Door Liesbeth Maas en Steven van der Gaag
Het Vuurtoreneiland met zijn oude kustbatterij prikkelt de fantasie van de horeca-ondernemers Sander Overeinder en Brian Boswijk onophoudelijk. Cabins om te overnachten, een spa, een atelierruimte en zelfs een mini-brouwerij. Maar ze beginnen met koken voor gasten die met een bootje de stad achter zich laten. “Straks kun je hier eten in en van de natuur.”
"Ik heb al in het dorp geïnformeerd naar de visser”, zegt Sander Overeinder, terwijl hij naar de fuiken in het water wijst. Vanaf de dijk in Durgerdam loopt hij – omgeven door water en weidevogels – over een steeds smaller wordend pad richting de voormalige kustbatterij die in andere tijden de monding van het IJ moest verdedigen. Af en toe bukt hij zich. “Moet je ruiken, munt. Het barst hier van de kruiden.”
Jongensboek
Na ruim een kwartier struinen, houdt een kudde schapen vanaf een grasheuvel de indringers van het eiland nauwlettend in het oog. Licht speelt aan een stuk door met de kleuren. Langs de munitiebunkers wordt een gietijzeren vuurtoren zichtbaar. “De enige van Amsterdam”, zegt Overeinder. Niet voor niets heet de plek in de volksmond Vuurtoreneiland. Dat klinkt als een jongensboek. “Het is ook een kleine jongensdroom dat we hier straks gaan werken.”

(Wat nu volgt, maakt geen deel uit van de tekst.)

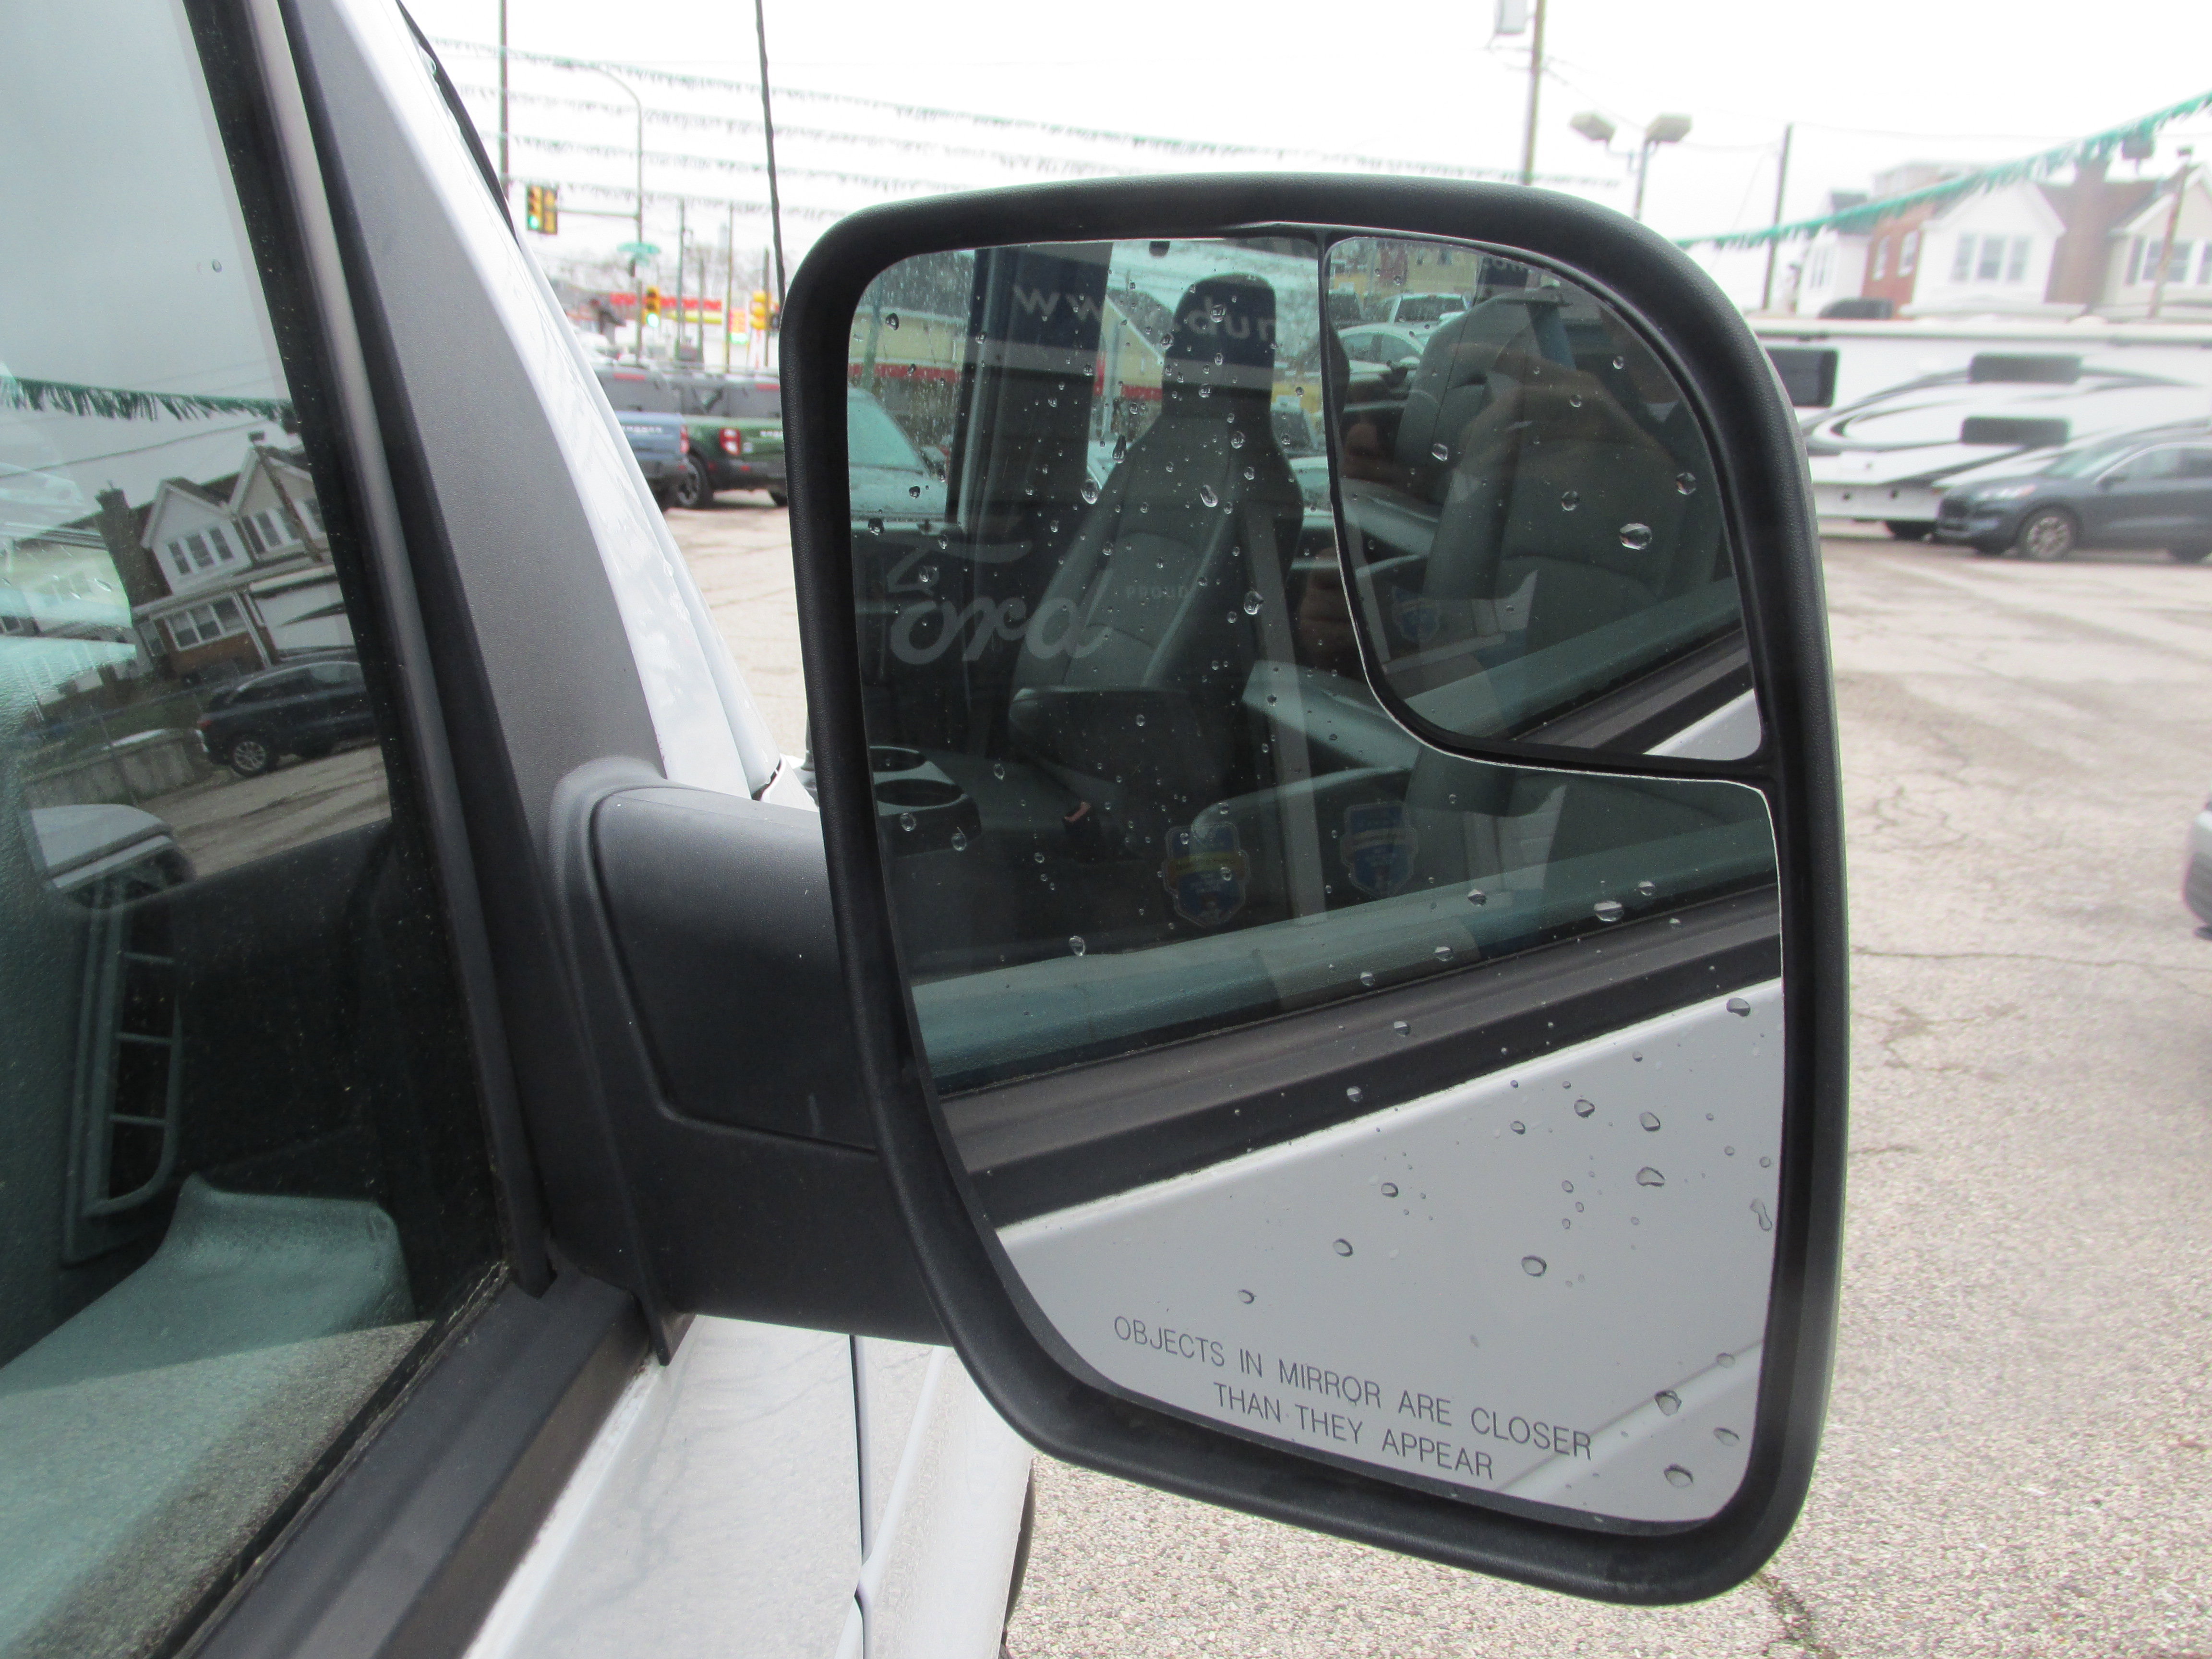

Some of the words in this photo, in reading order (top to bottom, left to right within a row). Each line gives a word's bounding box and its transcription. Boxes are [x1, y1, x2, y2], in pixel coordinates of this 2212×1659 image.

[1114, 1315, 1225, 1367] OBJECTS
[1239, 1348, 1262, 1378] IN
[1278, 1358, 1381, 1408] MIRROR
[1398, 1389, 1452, 1427] ARE
[1470, 1407, 1592, 1461] CLOSER
[1213, 1382, 1281, 1423] THAN
[1294, 1403, 1363, 1444] THEY
[1381, 1428, 1493, 1481] APPEAR

“In de munitiebunkers willen we Vuurtorenbier gaan brouwen”
Met ‘we’ doelt hij op zijn compagnon Brian Boswijk en zichzelf, beide Amsterdamse horeca-ondernemers. Zo blies Boswijk nieuw leven in het voormalige Trouw-gebouw met een club, restaurant en een kunstruimte. Overeinder is kok en eigenaar van restaurant As. Ze voelen zich als avonturiers die een onbewoond eiland hebben ontdekt. Hoewel? In de praktijk ging dat een stuk minder romantisch. Eigenaar Staatsbosbeheer had een aanbestedingsprocedure uitgeschreven voor ondernemers die iets met het eiland wilden. “Dat was best lastig. Je houdt steeds in je achterhoofd dat het over kan zijn. Maar we kwamen elke ronde door en dat gaf dan weer een enorme energie.”

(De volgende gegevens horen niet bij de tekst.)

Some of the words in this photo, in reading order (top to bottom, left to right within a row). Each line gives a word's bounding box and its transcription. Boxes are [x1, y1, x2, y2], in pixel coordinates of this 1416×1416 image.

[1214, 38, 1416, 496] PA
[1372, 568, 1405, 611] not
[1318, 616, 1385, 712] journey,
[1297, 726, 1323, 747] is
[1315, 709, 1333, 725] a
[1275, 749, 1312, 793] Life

Gasten ophalen met een bootje
“Op het laatst ging het tussen Nemo, Lloyd Hotel en ons”, vervolgt Overeinder. “Ik denk dat we hebben gewonnen omdat we het helemaal zelf willen doen. Niet vanaf de kade aansturen maar zelf bouwen, zelf ontwikkelen.” De contouren van die bevlogenheid zijn al zichtbaar. Midden op het eiland staat het geraamte van een paviljoen. Bakstenen liggen klaar om Overeinders oven te metselen. “De logistiek gaat via het water”, zegt Overeinder. “Anders verstoor je het natuurgebied. Ook de gasten komen straks vanuit de stad met een bootje naar het eiland.” Dat laatste haalde veel weerstand weg bij de Durgerdammers die vreesden voor drukte op de dijk en geluidsoverlast.
"Voor u is dit een project, maar dit is mijn leven," kregen we te horen. Inmiddels zien zij ook dat wij met respect voor de natuur en omgeving opereren en lokale ondernemers betrekken. In het dorp zit een imker met heerlijke honing.”
Steun Staatsbosbeheer
Dat succes gloort, bleek in de zomer van 2013 toen ze mochten proefdraaien met het restaurant. Alle avonden zaten vol tot een felle brand het paviljoen in de as legde.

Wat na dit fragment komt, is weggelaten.